The Duncan Pavilion's open assembly area received the pedestrian bridge from the Hamilton Building with a pedestrian elevator and glass staircase linking pedestrian traffic to the Signature Gallery on the first floor. An upgraded extension of the existing freight elevator created the final link in the system facilitating artwork traffic between buildings so that artwork could be received and serviced in the Hamilton Building and transported to and from the Ponti building's galleries without exiting the protective environment of the museum.

==Collections==
The Denver Art Museum has nine curatorial departments: African Art; Architecture and Design; Art of the Ancient Americas; Asian Art; Modern and Contemporary; Native Arts (African, American Indian and Oceanic); New World (pre-Columbian and Spanish Colonial); Painting and Sculpture (European and American); Photography; Western Art; and Textile Art and Fashion.

=== African Art ===
The collection of African art is made up of roughly 1,000 pieces, mostly from the 19th and 20th centuries. It includes many rare works in sculpture, textiles, jewelry, painting, printmaking, and drawings. While a majority of their collection focuses on west African works, there are pieces from many regions and mediums, such as wood, metals, fibers, terra cotta, and mixed media compositions.

=== Art of the Ancient Americas ===
The museum's Ancient Americas collection covers over four thousand years of art, including historic works from peoples and communities throughout Mesoamerica, Central and South America, and the Caribbean and Southwestern United States. The department was formed in 1968, and is known for its collection of Central American ceramics, jade, and stone sculpture.

===Architecture and Design===
The Denver Art Museum's Architecture, Design and Graphics department was founded in 1990 by former director Lewis I. Sharp. The collection has concentrations in areas including Italian design from the 1960s and 1970s, American graphic design from the 1950s to the present day, post-World War II furniture and product design in America and western Europe and contemporary western European and Japanese design.

===Asian Art===
The museum's Asian art collection includes galleries devoted to the arts of India, China, Japan and Southwestern Asia, as well as works from Tibet, Nepal and Southeast Asia. The collection, which originated in 1915 with a donation of Chinese and Japanese art objects, spans a period from the fourth millennium B.C. to the present.

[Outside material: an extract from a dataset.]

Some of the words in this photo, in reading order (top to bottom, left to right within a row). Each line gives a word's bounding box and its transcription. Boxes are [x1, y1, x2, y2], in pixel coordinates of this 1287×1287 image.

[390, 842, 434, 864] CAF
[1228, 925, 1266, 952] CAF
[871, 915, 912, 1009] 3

===European and American Art Before 1900===
The Denver Art Museum began receiving significant examples of European from the 1930s with Horace Havemyer's donations of works by Corot, Courbet, and Millet and seven others. From 1932 onwards, funds from the Helen Dill Bequest enabled the museum to acquire works by Claude Monet, Camille Pissarro, Alfred Sisley, Pierre-Auguste Renoir as well as paintings by American artists Thomas Hart Benton, Winslow Homer, John Twachtman, and William Merritt Chase. The Dill bequest comprised thirty-seven works purchased for a sum of $65,650 by 1961.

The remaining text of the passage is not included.